### Your goal
Copy all the entries word for word, but omit the pictures.

### Records contained in a dataset
·····
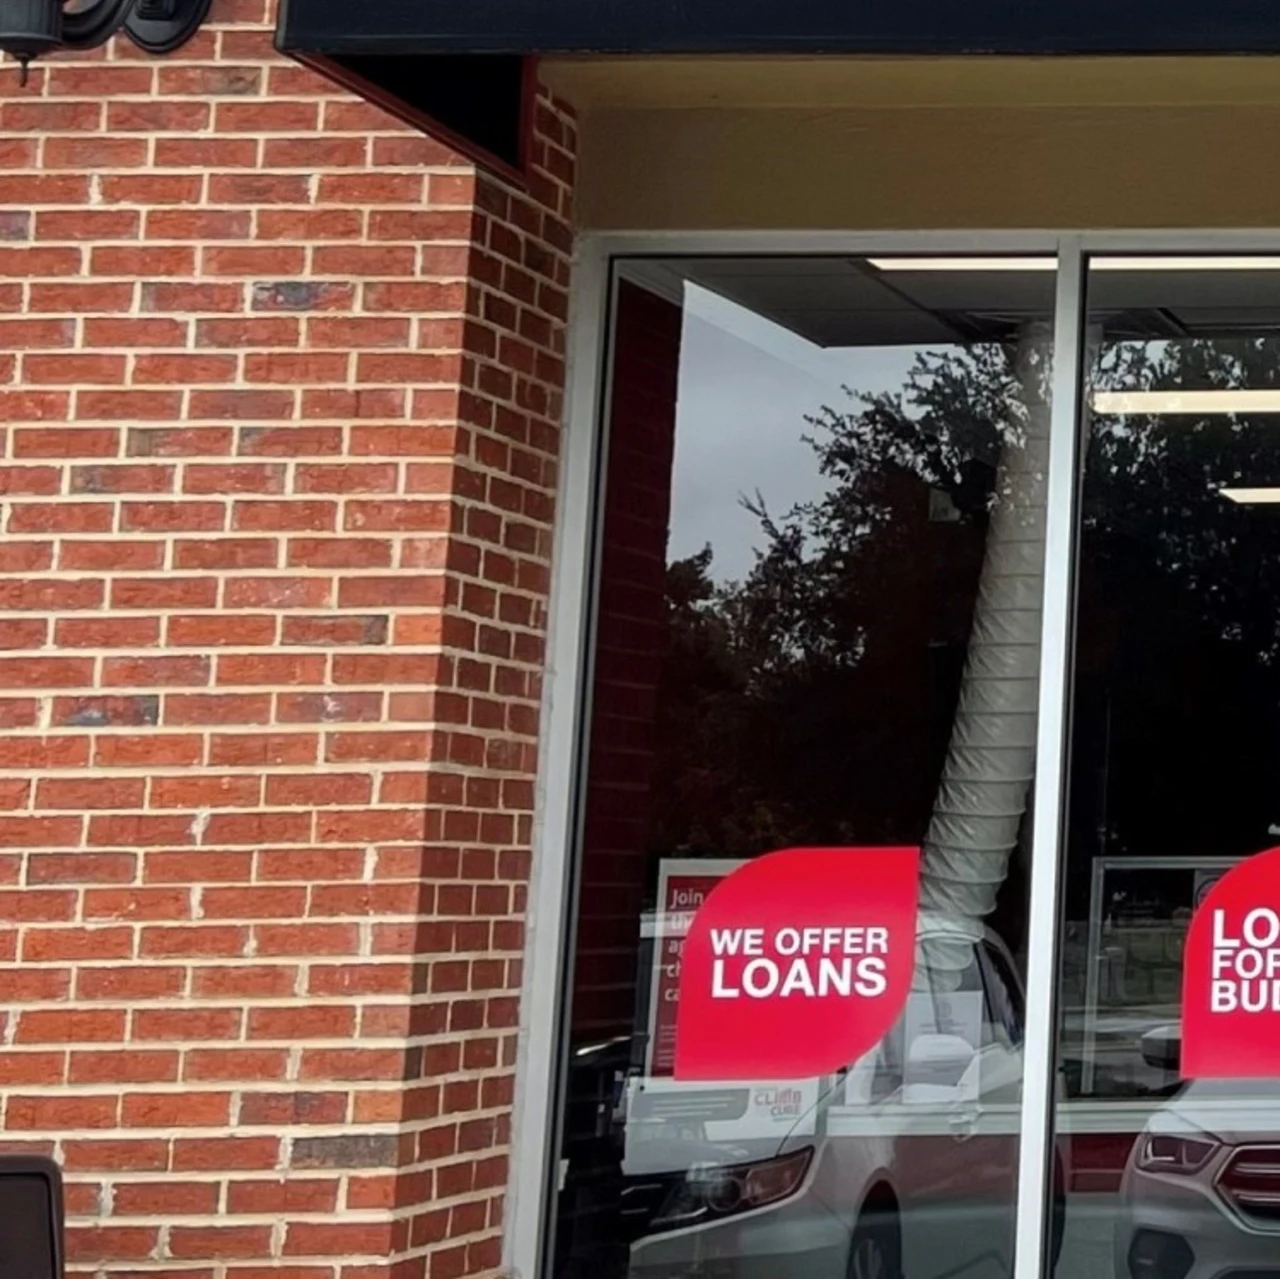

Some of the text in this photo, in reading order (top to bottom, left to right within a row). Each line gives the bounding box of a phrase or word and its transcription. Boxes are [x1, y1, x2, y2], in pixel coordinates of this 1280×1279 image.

[710, 927, 889, 955] WE OFFER
[711, 956, 888, 998] LOANS
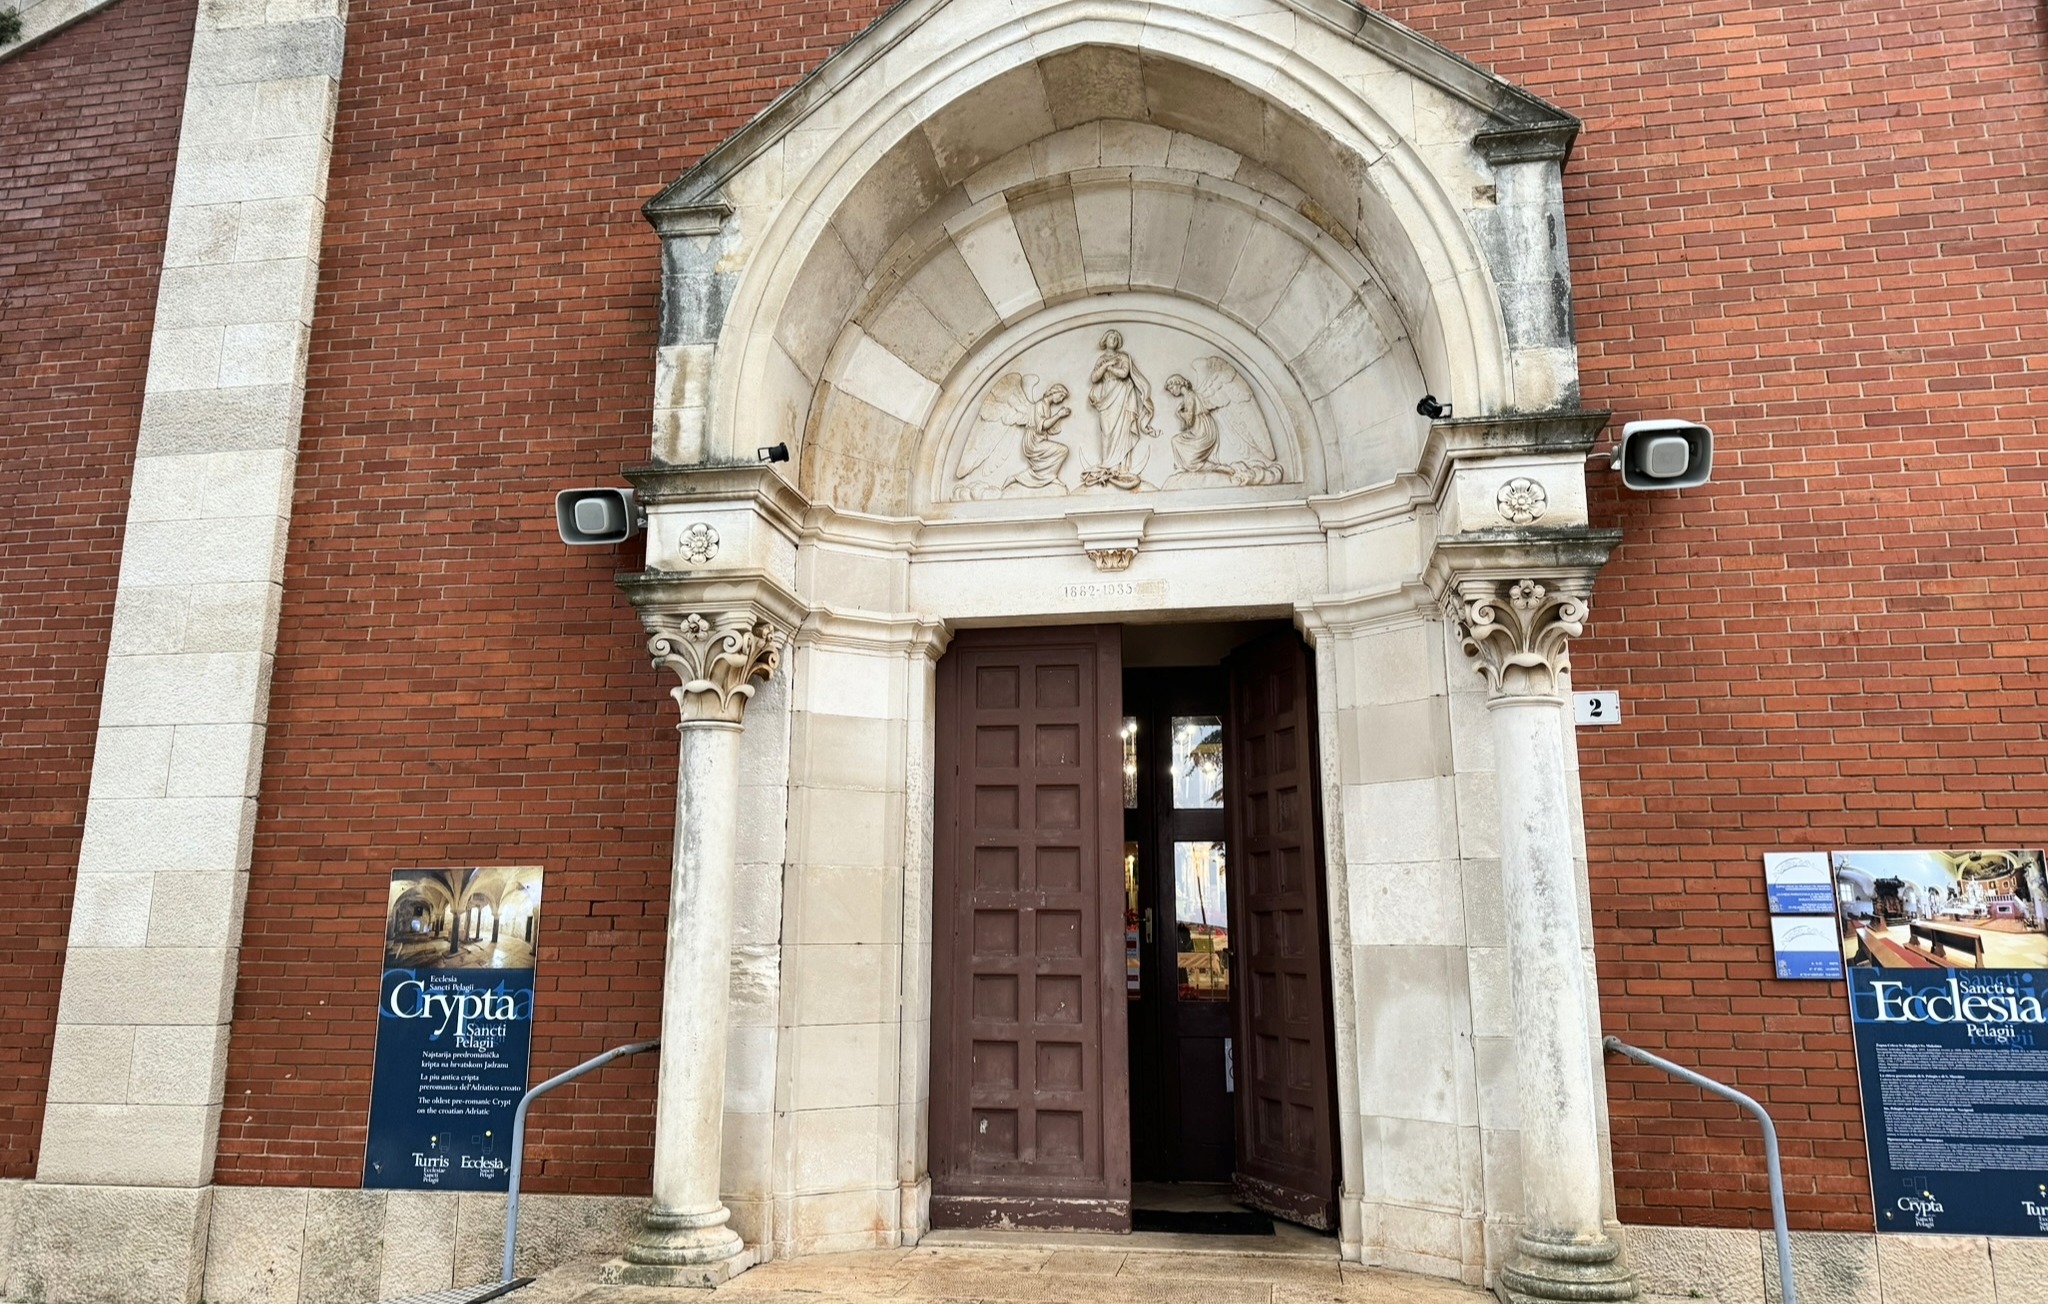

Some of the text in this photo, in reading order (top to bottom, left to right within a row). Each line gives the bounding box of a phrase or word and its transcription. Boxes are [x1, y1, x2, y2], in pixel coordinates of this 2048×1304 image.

[1589, 698, 1603, 718] 2
[430, 975, 458, 983] Ecclesia
[429, 983, 474, 993] Sancti Pelagii
[1960, 980, 2005, 994] Sancti
[391, 980, 517, 1036] Crypta
[1869, 978, 2047, 1024] Ecclesia
[466, 1022, 506, 1037] Sancti
[1967, 1023, 2016, 1043] Pelagii
[456, 1035, 494, 1053] Pelagii
[422, 1051, 500, 1060] Najstarija predromanička
[421, 1060, 440, 1070] kripta
[484, 1061, 509, 1070] Jadranu
[460, 1074, 479, 1083] cripta
[419, 1084, 458, 1092] preromanica
[451, 1098, 491, 1106] pre-romanic
[492, 1098, 511, 1107] Crypt
[465, 1107, 490, 1115] Adriatic
[412, 1152, 450, 1168] Turris
[461, 1155, 504, 1169] Ecclesia
[1897, 1197, 1944, 1217] Crypta
·····
### Solution to the problem
Some of the text in this photo, in reading order (top to bottom, left to right within a row). Each line gives the bounding box of a phrase or word and its transcription. Boxes are [x1, y1, x2, y2], in pixel coordinates of this 1280×1279 image.

[710, 927, 889, 955] WE OFFER
[711, 956, 888, 998] LOANS

Some of the text in this photo, in reading order (top to bottom, left to right within a row). Each line gives the bounding box of a phrase or word and its transcription. Boxes are [x1, y1, x2, y2], in pixel coordinates of this 2048×1304 image.

[1589, 698, 1603, 718] 2
[430, 975, 458, 983] Ecclesia
[429, 983, 474, 993] Sancti Pelagii
[1960, 980, 2005, 994] Sancti
[391, 980, 517, 1036] Crypta
[1869, 978, 2047, 1024] Ecclesia
[466, 1022, 506, 1037] Sancti
[1967, 1023, 2016, 1043] Pelagii
[456, 1035, 494, 1053] Pelagii
[422, 1051, 500, 1060] Najstarija predromanička
[421, 1060, 440, 1070] kripta
[484, 1061, 509, 1070] Jadranu
[460, 1074, 479, 1083] cripta
[419, 1084, 458, 1092] preromanica
[451, 1098, 491, 1106] pre-romanic
[492, 1098, 511, 1107] Crypt
[465, 1107, 490, 1115] Adriatic
[412, 1152, 450, 1168] Turris
[461, 1155, 504, 1169] Ecclesia
[1897, 1197, 1944, 1217] Crypta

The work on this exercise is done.